> [Exercise objective]
All records below are to be set down precisely as written, excluding pictures.

START Data to process

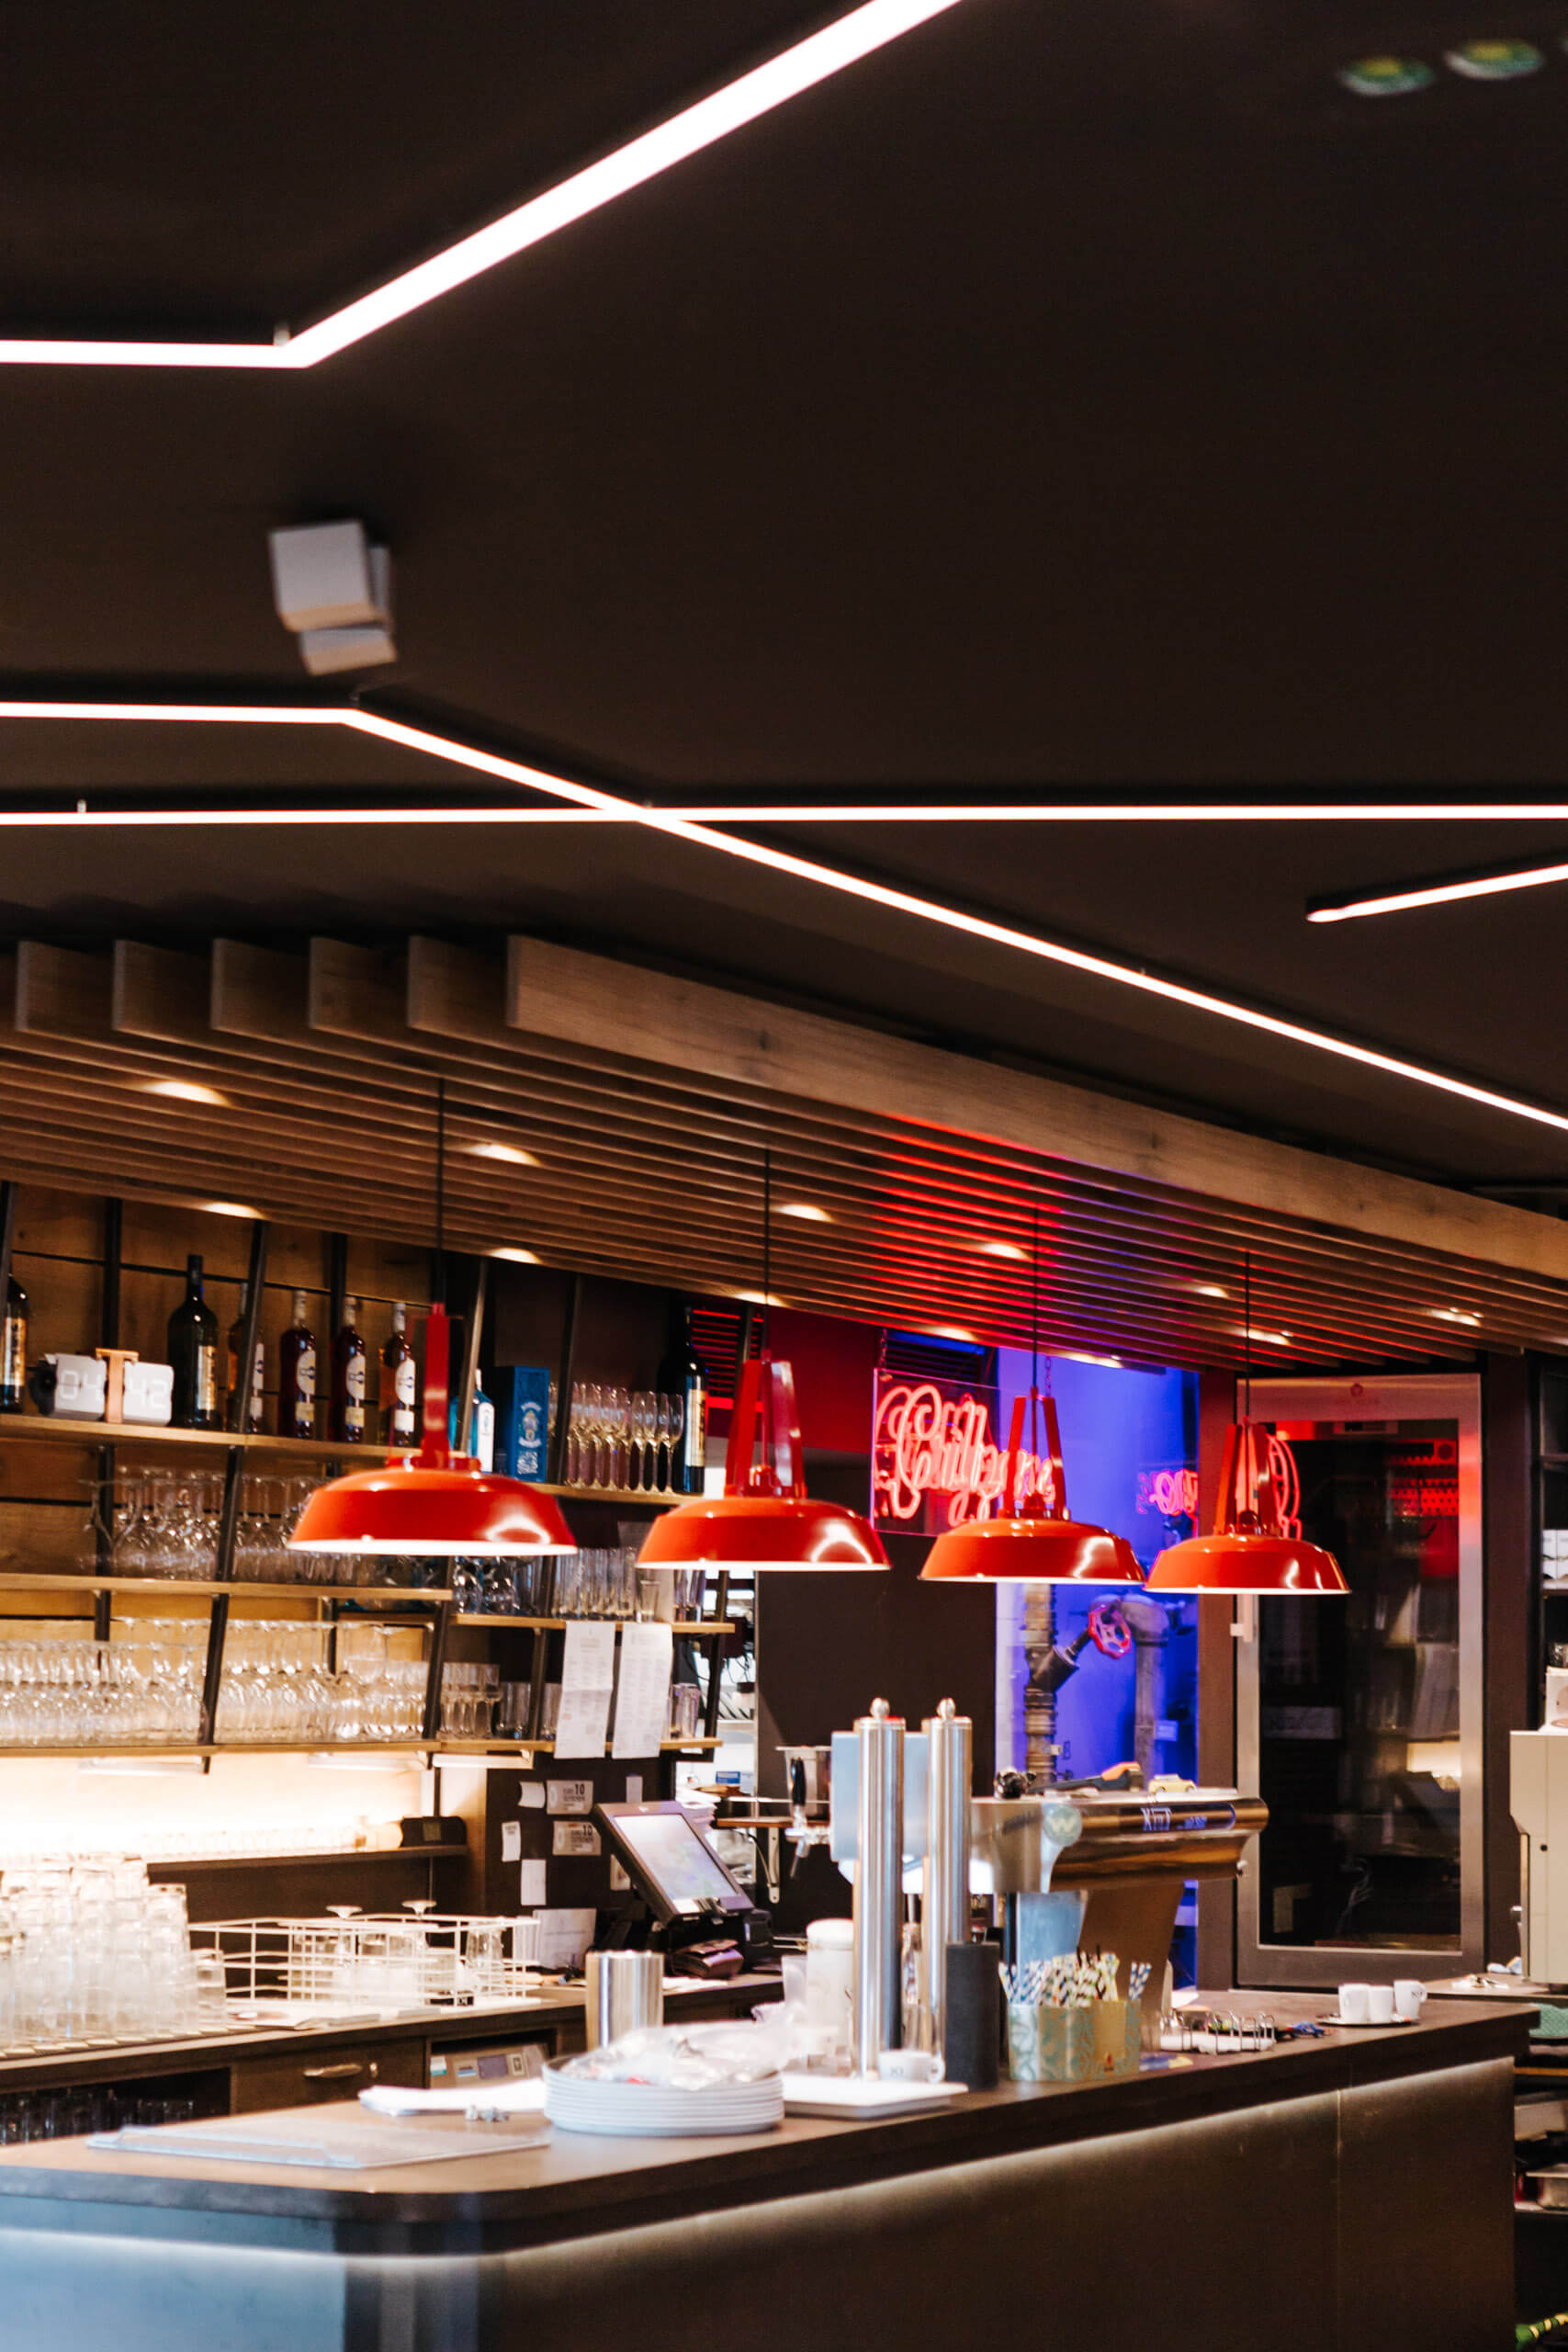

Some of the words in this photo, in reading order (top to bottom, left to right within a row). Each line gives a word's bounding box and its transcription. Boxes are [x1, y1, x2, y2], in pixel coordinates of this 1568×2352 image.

[60, 1369, 104, 1404] 04
[127, 1374, 169, 1409] 42
[574, 1783, 585, 1795] 10
[582, 1824, 593, 1837] 10

END Data to process

> [Exercise response]
Some of the words in this photo, in reading order (top to bottom, left to right within a row). Each line gives a word's bounding box and its transcription. Boxes are [x1, y1, x2, y2], in pixel coordinates of this 1568×2352 image.

[60, 1369, 104, 1404] 04
[127, 1374, 169, 1409] 42
[574, 1783, 585, 1795] 10
[582, 1824, 593, 1837] 10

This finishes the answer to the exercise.